- ASSIGNMENT:
Write out the entries exactly. None of the pictures should appear in the copy.

EXERCISE DATA section start

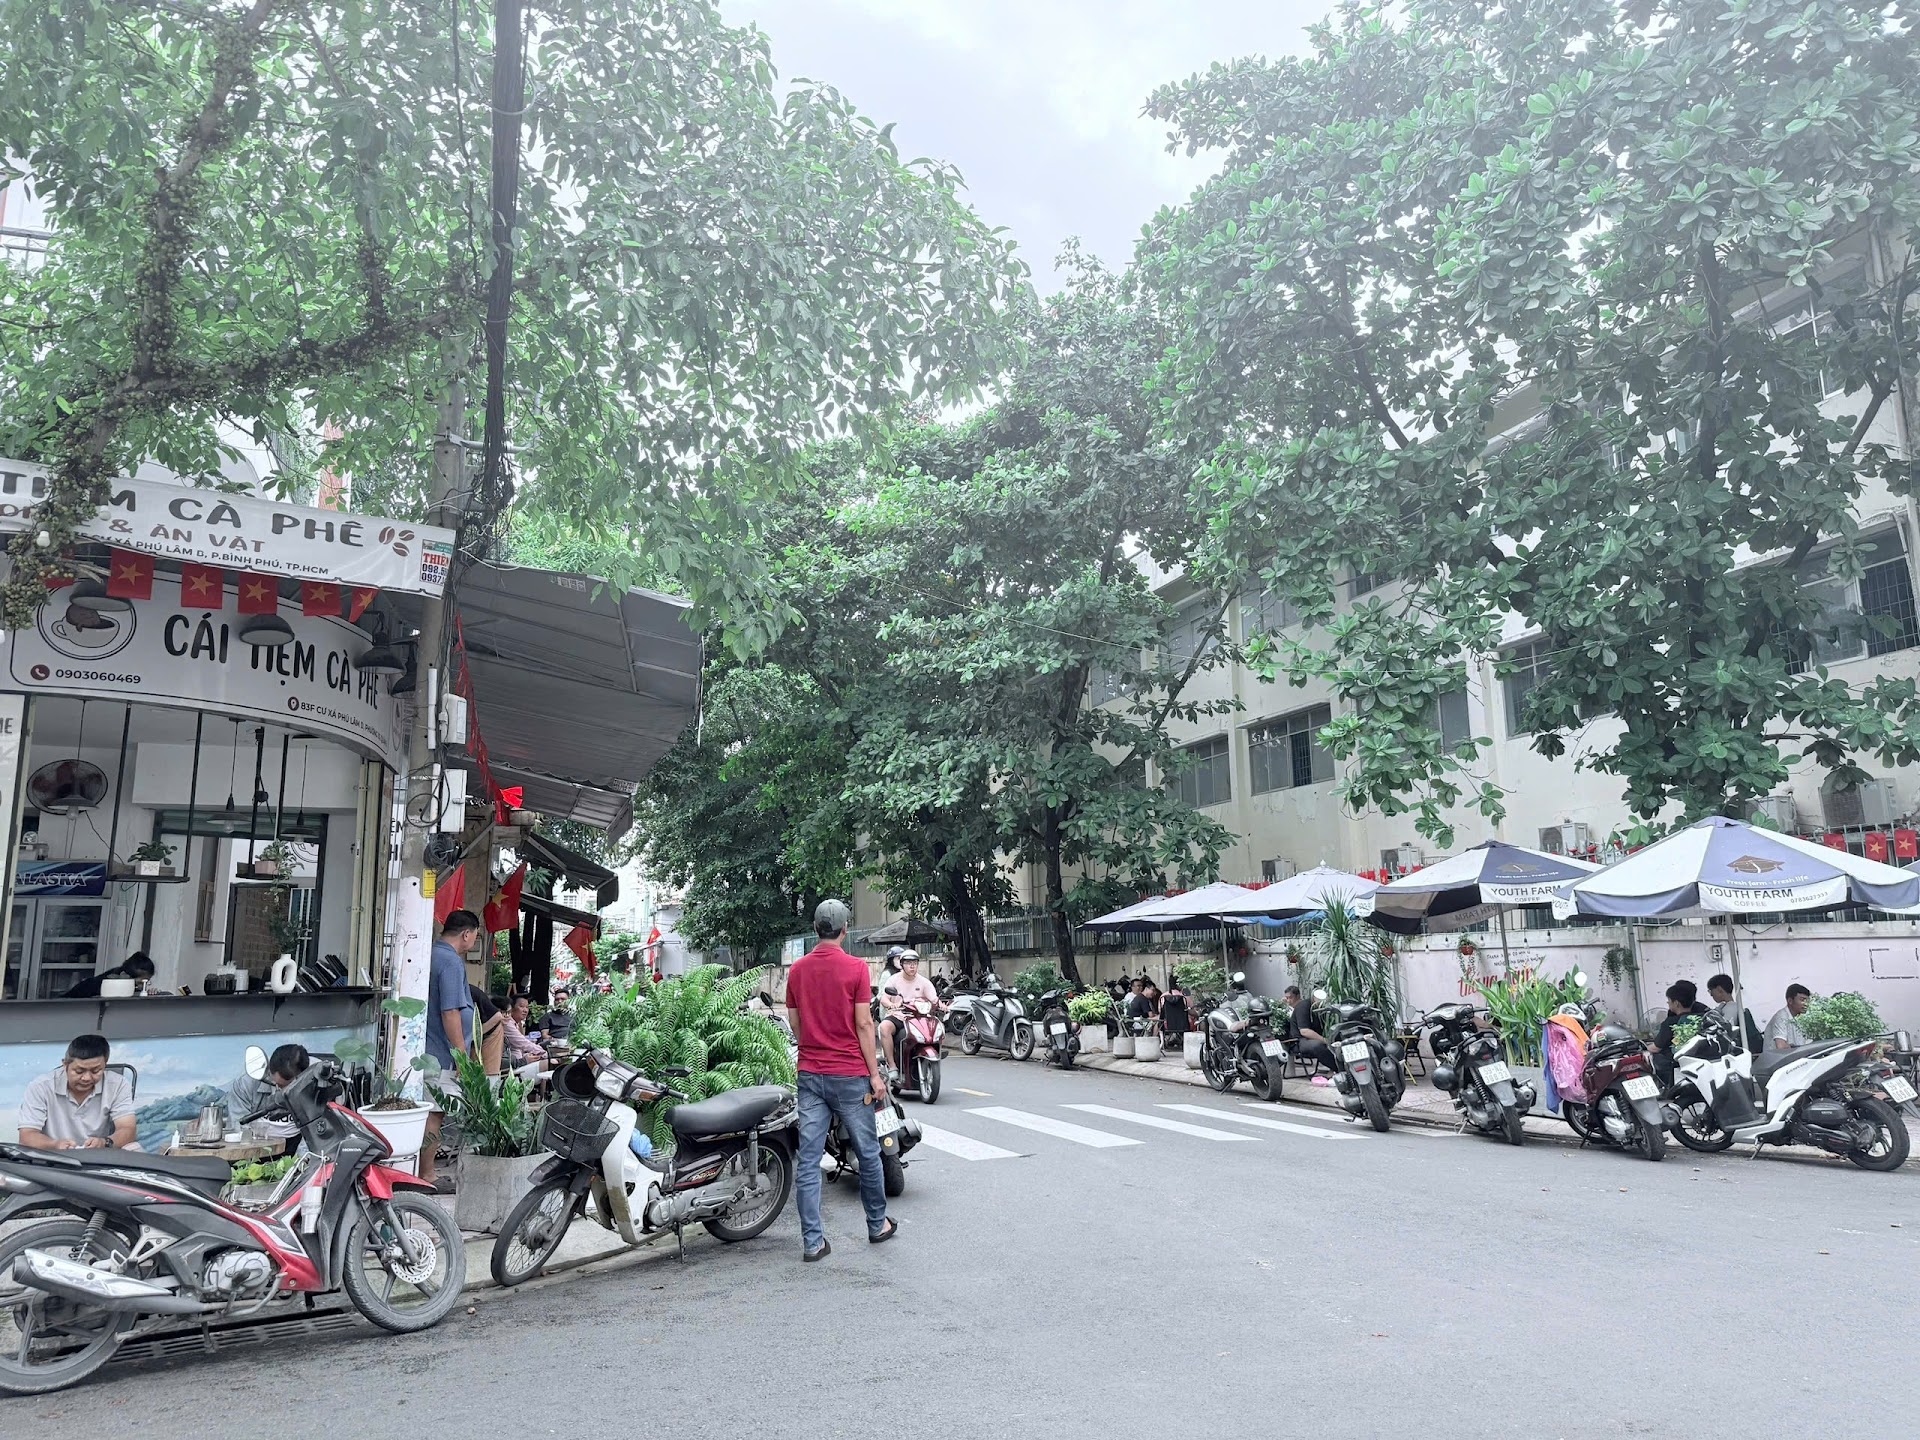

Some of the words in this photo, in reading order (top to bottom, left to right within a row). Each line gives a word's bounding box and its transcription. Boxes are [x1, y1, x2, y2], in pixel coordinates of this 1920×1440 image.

[0, 471, 136, 512] TIM
[168, 498, 242, 529] CÀ
[271, 513, 364, 548] PHÊ
[150, 524, 192, 543] ĂN
[208, 533, 266, 553] VẶT
[136, 540, 162, 551] PHÚ
[166, 543, 193, 556] LÂM
[211, 551, 252, 564] P.BÌNH
[286, 562, 329, 575] TP.HCM
[164, 612, 229, 664] CÁI
[327, 650, 351, 695] CÀ
[55, 669, 142, 684] 0903060469
[300, 702, 315, 712] 83F
[327, 708, 337, 718] XÁ
[337, 713, 350, 723] PHÚ
[1491, 887, 1529, 896] YOUTH
[1531, 885, 1561, 895] FARM
[1706, 885, 1750, 899] YOUTH
[1754, 888, 1794, 899] FARM
[1726, 879, 1748, 887] Fresh
[1747, 880, 1768, 888] farm
[1772, 877, 1795, 886] Fresh

EXERCISE DATA section end

- EXERCISE RESPONSE:
Some of the words in this photo, in reading order (top to bottom, left to right within a row). Each line gives a word's bounding box and its transcription. Boxes are [x1, y1, x2, y2], in pixel coordinates of this 1920×1440 image.

[0, 471, 136, 512] TIM
[168, 498, 242, 529] CÀ
[271, 513, 364, 548] PHÊ
[150, 524, 192, 543] ĂN
[208, 533, 266, 553] VẶT
[136, 540, 162, 551] PHÚ
[166, 543, 193, 556] LÂM
[211, 551, 252, 564] P.BÌNH
[286, 562, 329, 575] TP.HCM
[164, 612, 229, 664] CÁI
[327, 650, 351, 695] CÀ
[55, 669, 142, 684] 0903060469
[300, 702, 315, 712] 83F
[327, 708, 337, 718] XÁ
[337, 713, 350, 723] PHÚ
[1491, 887, 1529, 896] YOUTH
[1531, 885, 1561, 895] FARM
[1706, 885, 1750, 899] YOUTH
[1754, 888, 1794, 899] FARM
[1726, 879, 1748, 887] Fresh
[1747, 880, 1768, 888] farm
[1772, 877, 1795, 886] Fresh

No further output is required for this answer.